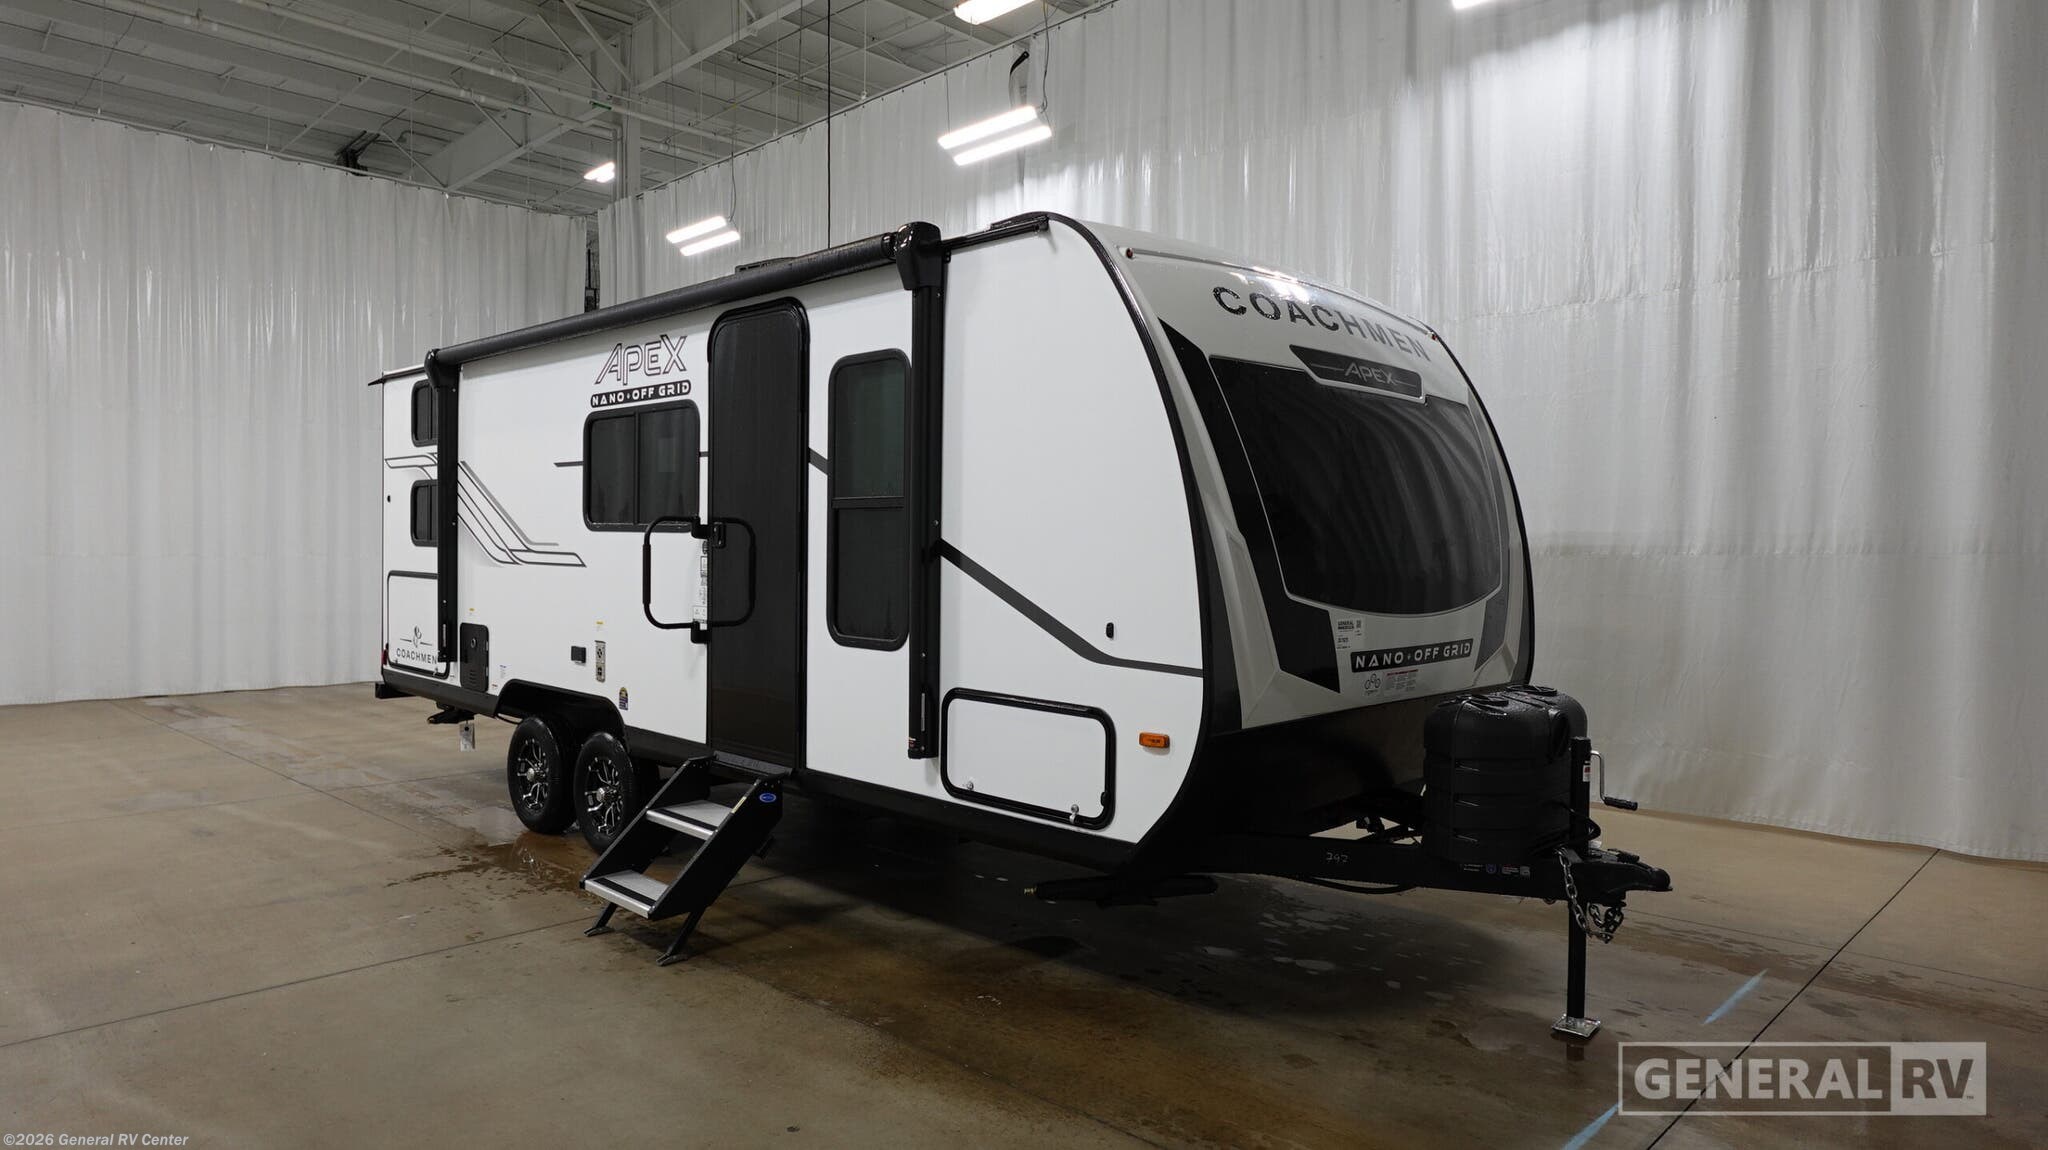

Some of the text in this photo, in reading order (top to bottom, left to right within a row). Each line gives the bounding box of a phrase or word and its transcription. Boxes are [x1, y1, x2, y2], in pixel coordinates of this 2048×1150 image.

[1213, 286, 1431, 361] COACHMEN
[594, 334, 688, 386] APEX
[1345, 361, 1398, 385] APEX
[592, 382, 690, 406] NANO OFF GRID
[396, 647, 437, 664] COACHMEN
[1355, 642, 1471, 669] NANO OFF GRID
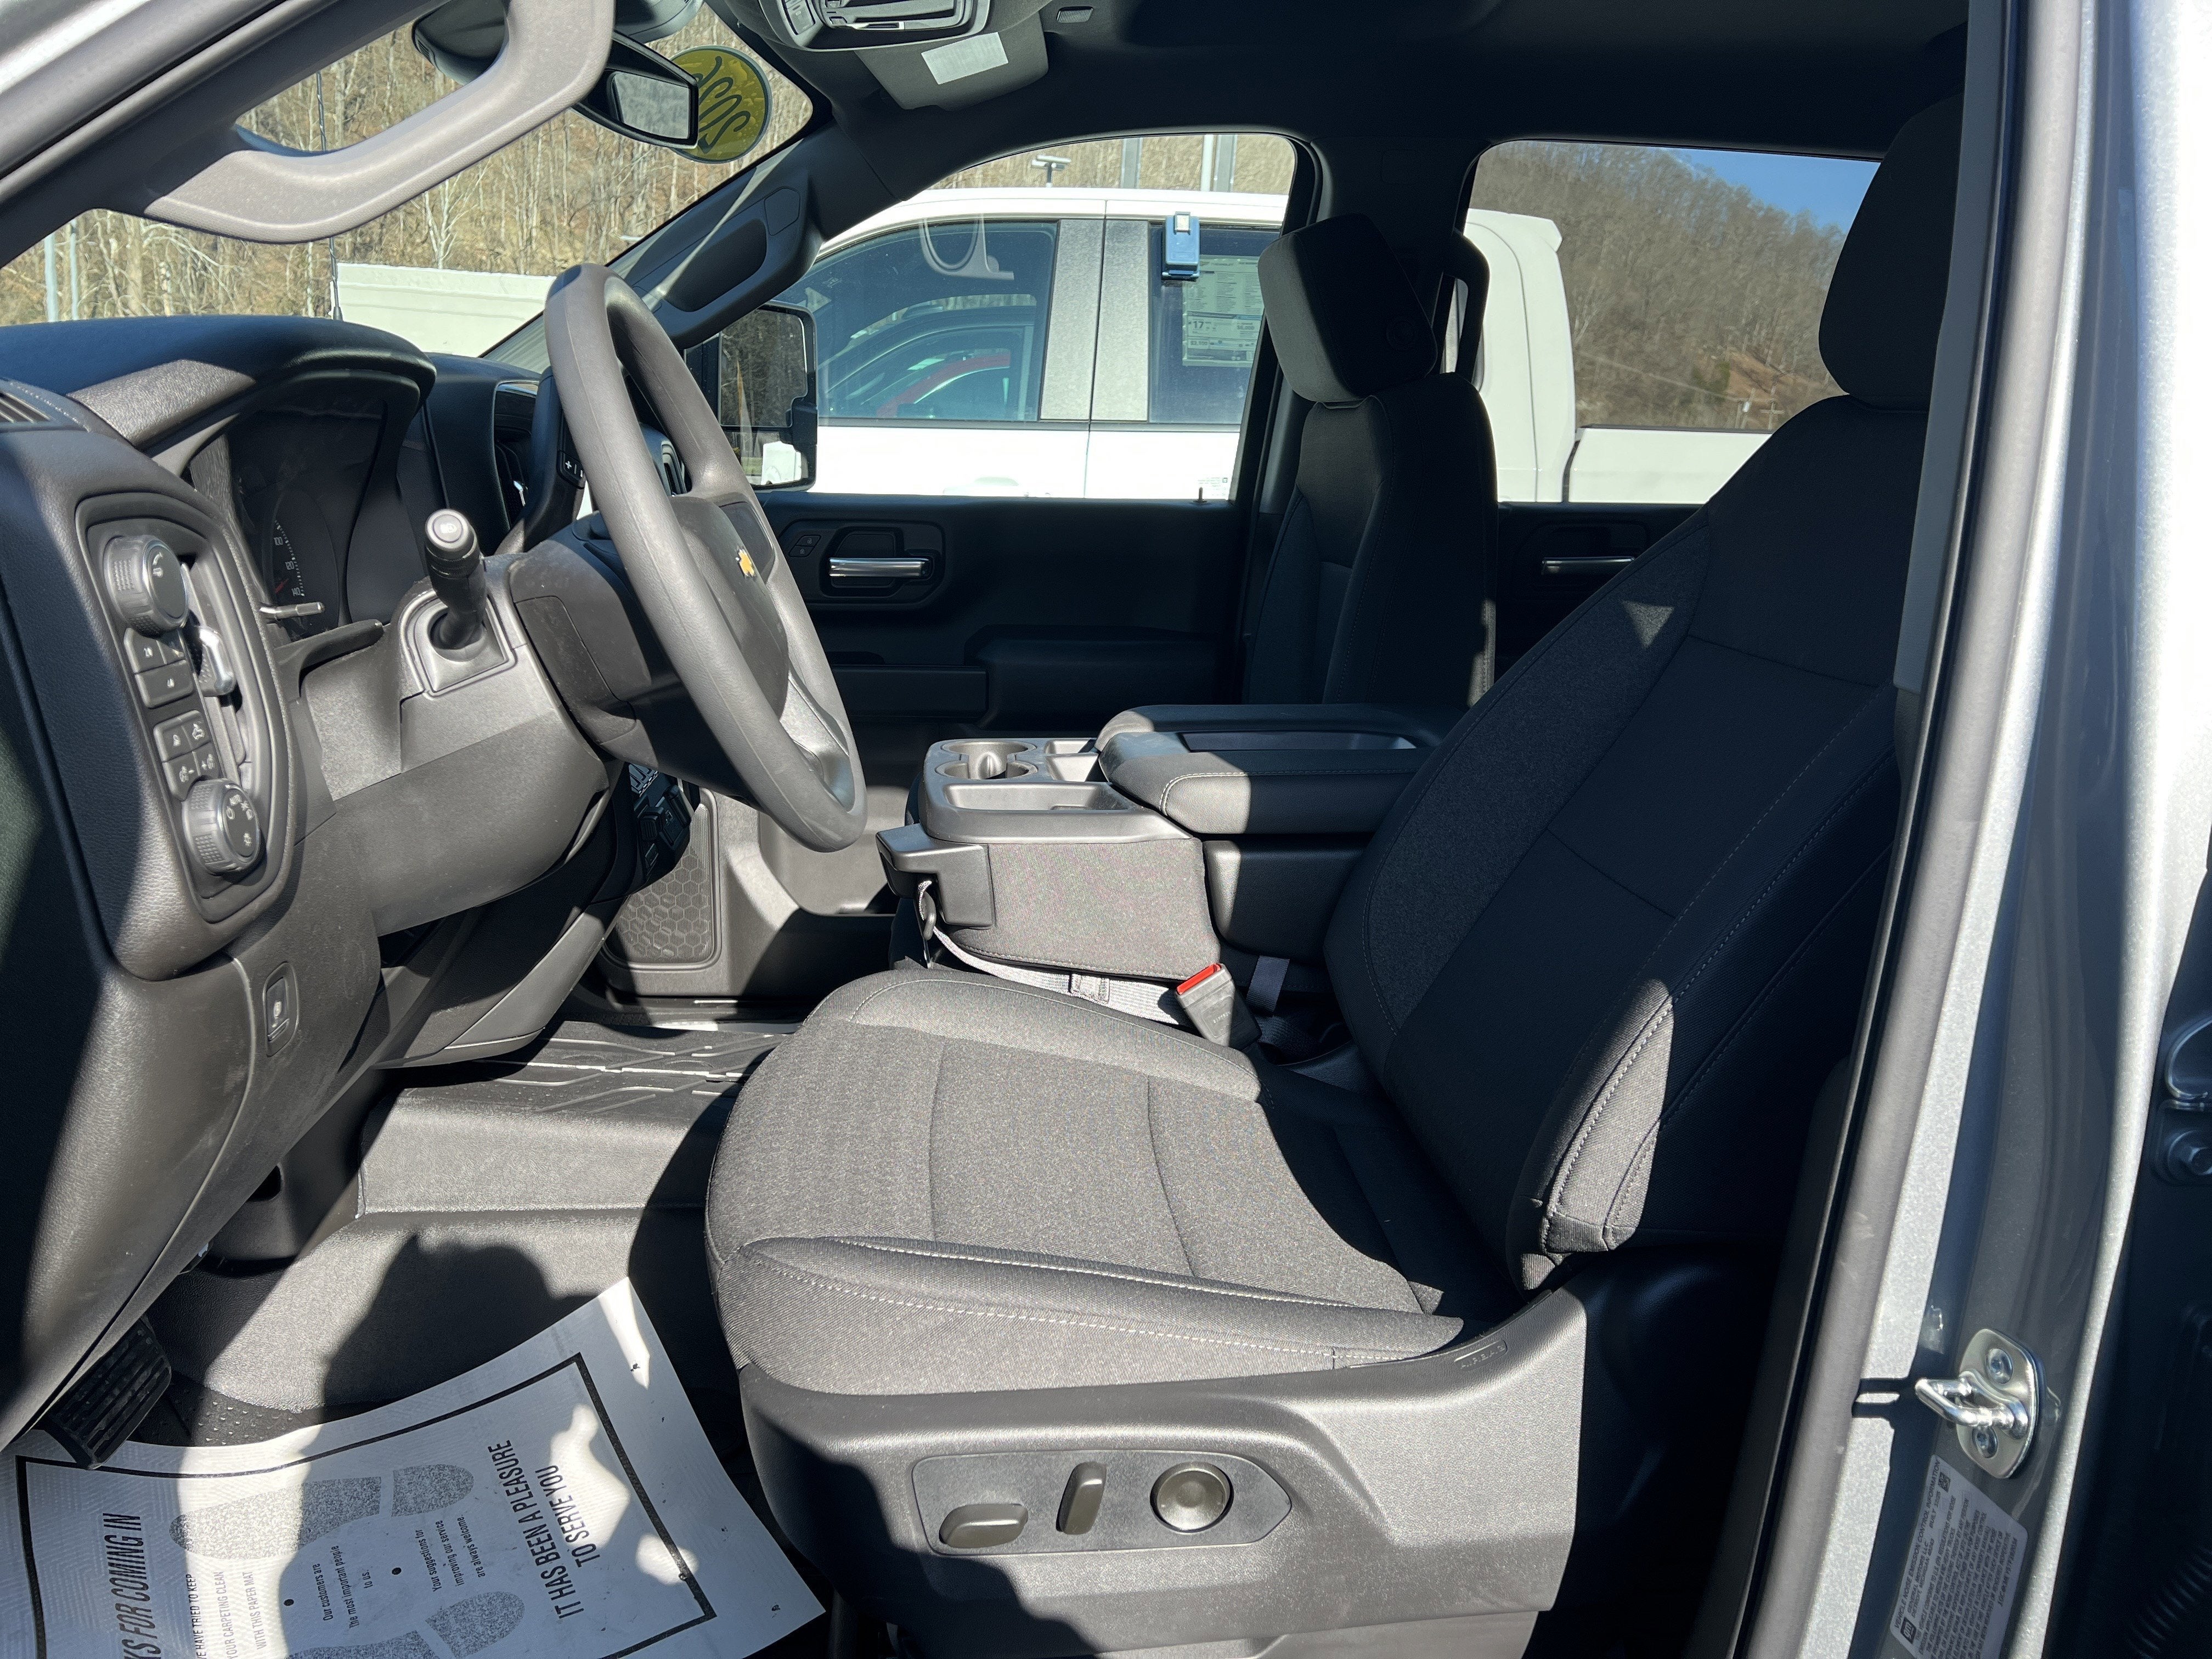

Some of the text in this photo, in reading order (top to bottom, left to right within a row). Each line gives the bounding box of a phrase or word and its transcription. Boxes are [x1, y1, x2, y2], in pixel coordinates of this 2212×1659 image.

[103, 1513, 142, 1531] IN
[488, 1440, 584, 1619] IT HAS BEEN A PLEASURE
[535, 1465, 600, 1568] TO SERVE YOU
[330, 1545, 346, 1567] people
[435, 1520, 465, 1587] improving our service
[467, 1544, 481, 1566] always
[1895, 1460, 1940, 1628] VEHICLE NOISE EMISSION CONTROL INFORMATION
[104, 1534, 150, 1602] COMING
[415, 1530, 442, 1592] Your suggestions for
[475, 1566, 486, 1578] are
[185, 1573, 197, 1592] KEEP
[213, 1571, 227, 1594] CLEAN
[312, 1563, 334, 1621] Our customers are
[335, 1566, 352, 1599] important
[363, 1581, 373, 1589] to
[188, 1594, 199, 1603] TO
[242, 1571, 267, 1650] WITH THIS PAPER MAT
[343, 1598, 357, 1615] most
[115, 1603, 158, 1639] FOR
[190, 1606, 202, 1628] TRIED
[217, 1595, 234, 1637] CARPETING
[193, 1629, 206, 1650] HAVE

- TASK OBJECTIVE -
Nothing but the pictures may be dropped; output the records above exactly.

- ANSWER SECTION -
Some of the text in this photo, in reading order (top to bottom, left to right within a row). Each line gives the bounding box of a phrase or word and its transcription. Boxes are [x1, y1, x2, y2], in pixel coordinates of this 2048×1150 image.

[1213, 286, 1431, 361] COACHMEN
[594, 334, 688, 386] APEX
[1345, 361, 1398, 385] APEX
[592, 382, 690, 406] NANO OFF GRID
[396, 647, 437, 664] COACHMEN
[1355, 642, 1471, 669] NANO OFF GRID

Some of the text in this photo, in reading order (top to bottom, left to right within a row). Each line gives the bounding box of a phrase or word and its transcription. Boxes are [x1, y1, x2, y2], in pixel coordinates of this 2212×1659 image.

[103, 1513, 142, 1531] IN
[488, 1440, 584, 1619] IT HAS BEEN A PLEASURE
[535, 1465, 600, 1568] TO SERVE YOU
[330, 1545, 346, 1567] people
[435, 1520, 465, 1587] improving our service
[467, 1544, 481, 1566] always
[1895, 1460, 1940, 1628] VEHICLE NOISE EMISSION CONTROL INFORMATION
[104, 1534, 150, 1602] COMING
[415, 1530, 442, 1592] Your suggestions for
[475, 1566, 486, 1578] are
[185, 1573, 197, 1592] KEEP
[213, 1571, 227, 1594] CLEAN
[312, 1563, 334, 1621] Our customers are
[335, 1566, 352, 1599] important
[363, 1581, 373, 1589] to
[188, 1594, 199, 1603] TO
[242, 1571, 267, 1650] WITH THIS PAPER MAT
[343, 1598, 357, 1615] most
[115, 1603, 158, 1639] FOR
[190, 1606, 202, 1628] TRIED
[217, 1595, 234, 1637] CARPETING
[193, 1629, 206, 1650] HAVE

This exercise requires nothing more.